The story found in the first few verses of Genesis 6, really the introduction to The Flood account, has been the subject of speculation, fantastically wild interpretation, and the bridge through which ancient, uninspired writings have walked their way into theology and doctrine within orthodox, evangelical churches. All the fuss about this story is mostly centered upon the identification of "sons of God." So come, take a dive with me into the heart of the story and we'll see what we can see.
Let's start with those 120 years. Some take this as a pronouncement of the maximum life expectancy for human beings. That fails immediately in the following narratives in the Bible which routinely report lifespans much longer than that. It also runs afoul of Psalm 90:10 which says that a human's lifespan is 70 years, 80 if by reason of strength. So 120 years is not the life expentancy of mankind.
The word translated "contend" or "strive" is most readily understood in terms of judging. So the most reasonable explanation, in my mind, is that God's prophetic pronouncement of judging humankind concerning sin would go on for 120 years before the literal outpouring of God's wrath began. No one knows exactly how long it took Noah to build the ark, but it doesn't seem a stretch to say he had 120 years in which to do so. Every time anyone saw it during that time it preached of coming doom.
Next, let us delve into why there is a story at all (including The Flood account of which this forms the introduction). Simply put, this is a story about the wrath of God and the judgment he sent upon man and beast throughout the world for a very specific reason. Understanding God's reason for unleashing his wrath leads, ultimately, to understanding the broader context of this story (reaching back to Genesis 4) and brings into clarity that strange detail that is the particular focus of this post.
To establish this premise (i.e., it's all about wrath and nothing but wrath) let me point out the glaring succession of statements in the text related to and about the wrath of God. With each statement through the account of the Nephilim and just beyond into the Flood Account, a growing clarity develops about the subject:
v. 6:3 God limits the days of striving in judgment (contention) with mankind; humans are but flesh (NIV says mortal, but mortality has nothing to do with the issue, the word used means meat, basically, and the reason to note that will become clear as we proceed)
v. 6:5 - Humankind (note: no other kind referenced) had become saturated in wickedness
v. 6:11 - The whole earth was corrupt (ruined) and filled with violence
v. 6:12 - All flesh had corrupted their way (and so were responsible for its ruination before God)
v. 6:13 - The end of all flesh was determined by God because through them the earth was filled with violence
The reason that God's wrath spilled out in the flood is clear enough--violence. What ticked God off to the point that he regretted creating life and moved him to destroy all the living was violence, pure and simple, and not just amongst humankind, but with the animals as well (v. 7). That reason had nothing to do with angels-- fallen, hybridized or otherwise. His wrath was directed toward all flesh that walked upon the ground save for that small sample that found grace, with Noah, in the eyes of the LORD.

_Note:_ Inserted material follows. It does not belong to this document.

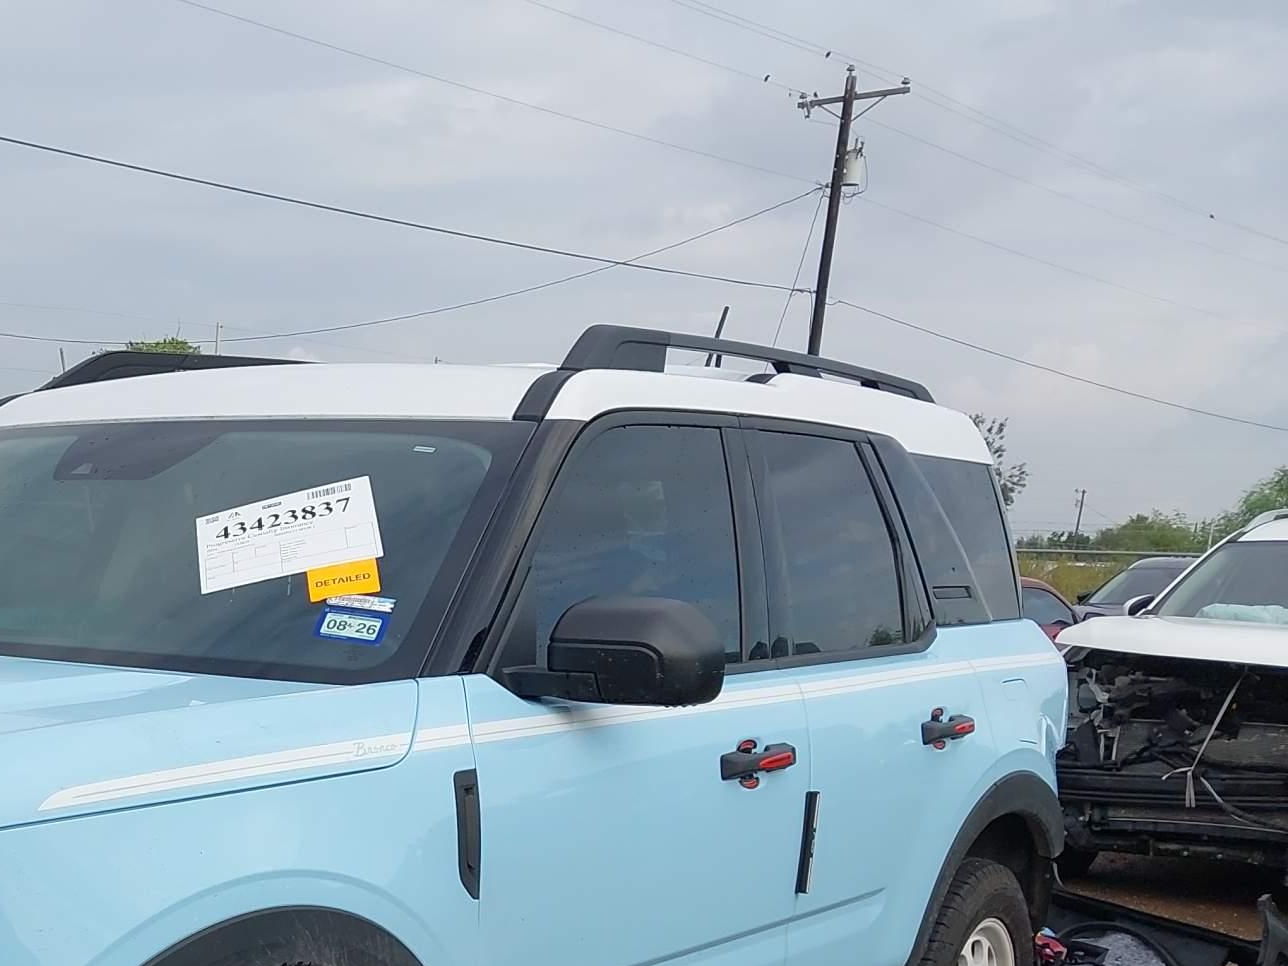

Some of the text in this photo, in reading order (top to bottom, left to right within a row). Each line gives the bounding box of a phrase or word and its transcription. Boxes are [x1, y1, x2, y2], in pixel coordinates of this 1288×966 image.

[215, 496, 351, 540] 43423837
[315, 572, 372, 588] DETAILED
[326, 618, 378, 636] 08 26

The most critical issue, however, in understanding the role the Nephilim account plays within its greater context is, what, exactly, is meant by the phrase, “sons of God?” In the OT, this phrase occurs in our text, at Deuteronomy 32:8, a few times in Job (1:6; 2:1; 38:7), a few in Psalms (29:1; 82:6; 89:6), and in Daniel 3:25. Though, at first blush, the phrase may seem to refer to angels in these texts, we know that is not necessarily so because of the testimony of Jesus.
Speaking of Psalm 82:6, Jesus says that the “sons of God” are those humans (as context reveals) to whom the word came. So, people that God reveals things to are his sons. Furthermore, Exodus 4:23 and Hosea 11:1 have God referring to Israel as his son. Not the same exact phrase, but the usage is clear nonetheless—God refers to humans, as well as angels, as his sons.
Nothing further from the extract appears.